Nativity of Our Lord Parish members bid farewell to Fr. Sinnott, welcome Fr. Polednak

By Gina Thackara

For Sunday Dispatch

Ken and Ann Francis, of Avoca, bids farewell to Fr. Andrew Sinnott who retired when he reached the age of 75.

Fr. Sinnott says good-bye to so many parishioners, including Matt Klein, right, during a farewell party held in his honor at Holy Rosary gym/auditorium.

Mike Wasko, left, of Old Forge, says his good-byes to Fr. Sinnott.

This is the end of a very long line of family, friends and parishioners wishing Fr. Sinnott well in his retirement.

As Holy Rosary parishioners say good-bye to Fr. Sinnott, right, they say hello to new pastor, Fr. John Polednak.

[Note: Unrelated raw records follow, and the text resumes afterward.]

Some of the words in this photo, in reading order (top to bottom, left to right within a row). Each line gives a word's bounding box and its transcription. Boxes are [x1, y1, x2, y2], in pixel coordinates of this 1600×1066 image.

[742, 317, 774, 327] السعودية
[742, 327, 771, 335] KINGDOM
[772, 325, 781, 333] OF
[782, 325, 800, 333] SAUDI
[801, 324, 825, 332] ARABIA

Incoming pastor Fr. John Polednak chats with the parish’s musical director, David Tighe.

DURYEA — As with any good book, the end of one chapter signals the start of another.

The setting for this story was the gymasium at Holy Rosary School where more than 200 parishioners gathered on June 28 to bid farewell to one shepherd and to welcome a new one.

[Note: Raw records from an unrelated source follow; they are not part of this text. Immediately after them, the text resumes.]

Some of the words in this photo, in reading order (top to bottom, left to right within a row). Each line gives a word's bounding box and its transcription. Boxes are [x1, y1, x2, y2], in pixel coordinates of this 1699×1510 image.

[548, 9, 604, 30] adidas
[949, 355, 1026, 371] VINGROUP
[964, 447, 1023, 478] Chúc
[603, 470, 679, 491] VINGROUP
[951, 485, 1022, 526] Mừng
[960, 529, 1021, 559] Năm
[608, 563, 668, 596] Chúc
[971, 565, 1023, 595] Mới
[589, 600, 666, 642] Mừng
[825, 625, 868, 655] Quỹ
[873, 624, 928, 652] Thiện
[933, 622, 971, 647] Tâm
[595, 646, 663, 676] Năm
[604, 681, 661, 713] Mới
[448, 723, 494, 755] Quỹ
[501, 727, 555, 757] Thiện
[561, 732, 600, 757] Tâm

For the annals of Nativity of Our Lord Parish, Father Andrew Sinnott’s chapter came to an end Sunday evening. He will be missed for his gentle manner, his steady hand through tough times and for his “assistant,” his Cavalier King Charles Spaniel, Macy.

“We have to mention Macy,” said Kathleen Gilmartin, who was a teacher in Holy Rosary School for 27 years and principal until two years ago. “She was a big part of the parish, as well. And a favorite visitor here at the school.”

Gilmartin said Fr. Sinnott was an advocate for the school and its students, visiting often, working with the staff to ensure their charges were getting the best education possible.

But that wasn’t his only legacy to the parish.

“Fr. Sinnott came to us into a tough situation,” said Helen Negevsky. “Our previous pastor, Father Rokosz, was sick, churches were being closed and yet, Fr. Sinnott brought us all together.”

The pastor also reinstituted the men’s and women’s societies in the parish and got parish activities moving. More than one person commented on his willingness to roll up his sleeves and get down to work on parish projects, said Rosa Rava, of Duryea.

“As for how good my homilies were, it depends on who you ask,” Fr. Sinnott said.

And on the next page, the story begins for Father John Polednak.

He was ready to start work Monday morning after the move from St. Ignatius of Loyola Parish in Kingston.

“I am looking forward to it all,” Fr. Polednak said. “I got to know the people here when I came to assist Fr. Rokocz and I found them to be delightful and very helpful.”

Fr. Polednak also got a taste of the parish life in Duryea when he helped three of the churches there meld into the Nativity parish after church closings several years ago.

And what the Nativity parish now has is an excellent administrator, a caring pastor, an excellent homilist – and a fan of the New York Times Sunday crossword puzzle.

And the story goes on.

For the immediate future, Fr. Polednak is planning to continue the good work started by his predecessor and hopes to move the parish forward.

As for Sunday evening, his work was already planned. He’d mustered up three strong young parishioners, Michael Wasko, of Old Forge, Matthew Klein and Brandon Winn, both of Duryea, to help him unload the U-Haul truck that carried his belongings from Kingston.

“We’re just glad to help,” Wasko said. “We all went to school here; we grew up in this church. It’s normal just to pitch in and help out.”

It’s not the first time the Forest City native has moved since he was ordained in 1976. He’s had more than half a dozen priestly appointments under the leadership of three different bishops. As well as tending to parishes, he also holds several jobs in the diocesan administration.

“I’ll be as busy as ever,” he said.

On the other hand, retirement is nothing new for Fr. Sinnott.

“I was a bank vice-president when I did it the first time,” said the Wilkes-Barre native.

One of six sons of a coal miner, Fr. Sinnott was the son who stayed home to take care of his mother after his father’s death. He worked as a banker and retired as a vice-president, then entered the seminary and was ordained 16 years ago. His mother lived long enough to see her son begin his second career.

“This will be the last time I retire,” he said.

He plans to spend a few months unpacking boxes in his Kingston apartment and helping Macy get accustomed to her new digs. His bucket list includes a trip to Rome, a place he’s “always wanted to visit” and visits to a brother in Arizona – especially in January and February – and another brother in Boston.

The parishioners at Nativity of Our Lord Parish can’t wait to see what happens next.

“It’s really kind of bittersweet,” said Andrew Lentowski, of Duryea. “It’s sad that we have to say goodbye to Fr. Sinnott. He’s an excellent priest and did wonderful work here. But we’re looking forward to Fr. Polednak. It’s an opportunity not all churches have to get two good men like this. We are blessed and fortunate here.”